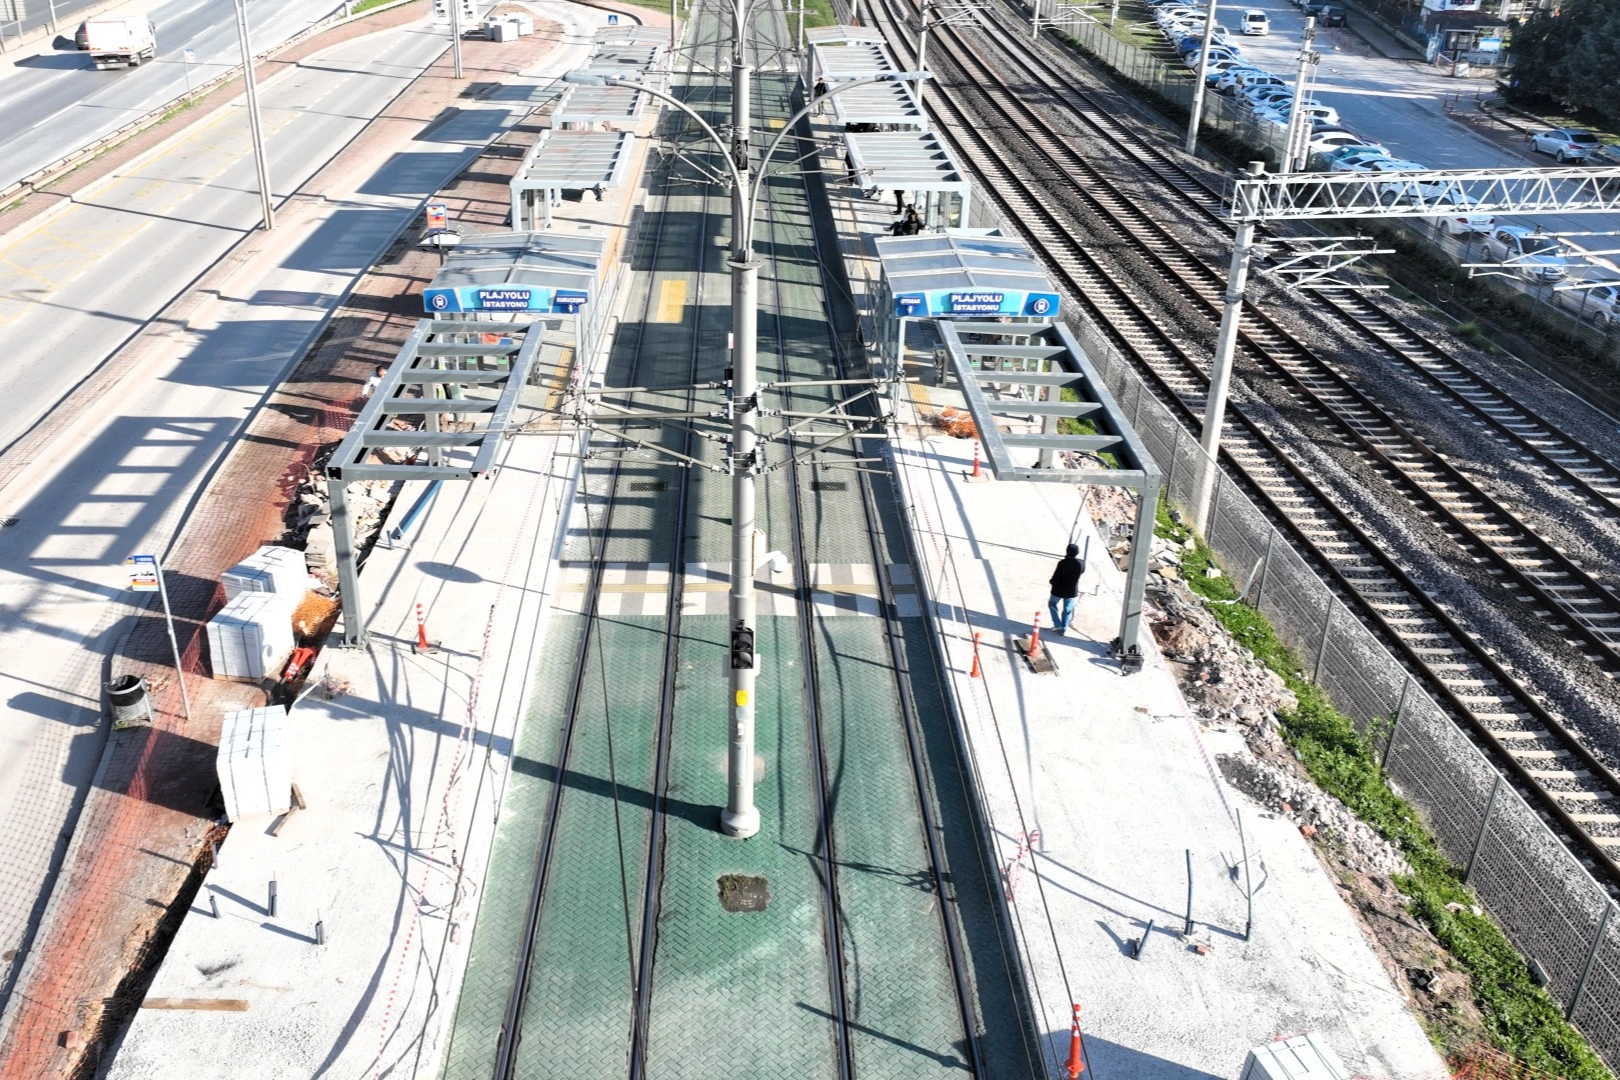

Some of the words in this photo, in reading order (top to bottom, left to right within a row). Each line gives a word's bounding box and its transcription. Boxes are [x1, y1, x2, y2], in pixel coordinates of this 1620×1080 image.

[480, 291, 530, 300] PLAJYOLU
[951, 294, 1003, 303] PLAJYOLU
[483, 300, 528, 308] İSTASYONU
[953, 303, 999, 311] İSTASYONU
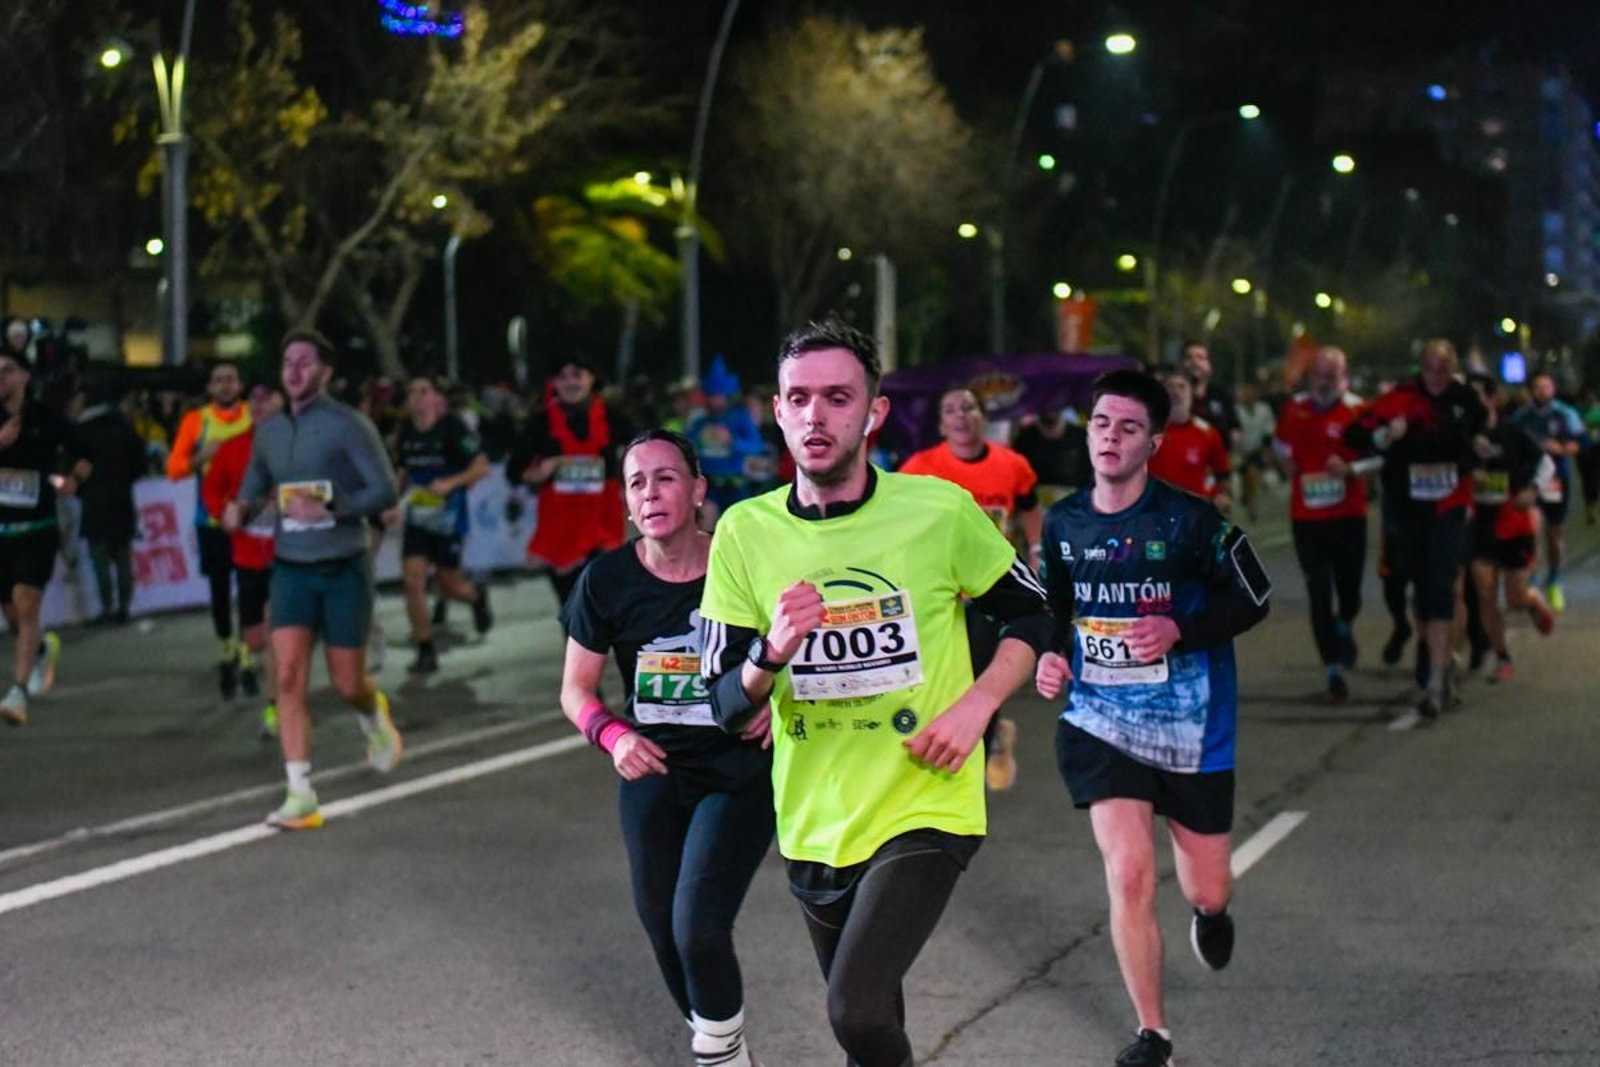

·····

• **Your task**
Would you set down the records exactly, with no pictures included?

• **Answer section**
Some of the words in this photo, in reading order (top to bottom, left to right within a row). Each line gives a word's bounding box and its transcription. Boxes are [x1, y1, x2, y2], in pixel coordinates of this 1620×1080 image.

[480, 291, 530, 300] PLAJYOLU
[951, 294, 1003, 303] PLAJYOLU
[483, 300, 528, 308] İSTASYONU
[953, 303, 999, 311] İSTASYONU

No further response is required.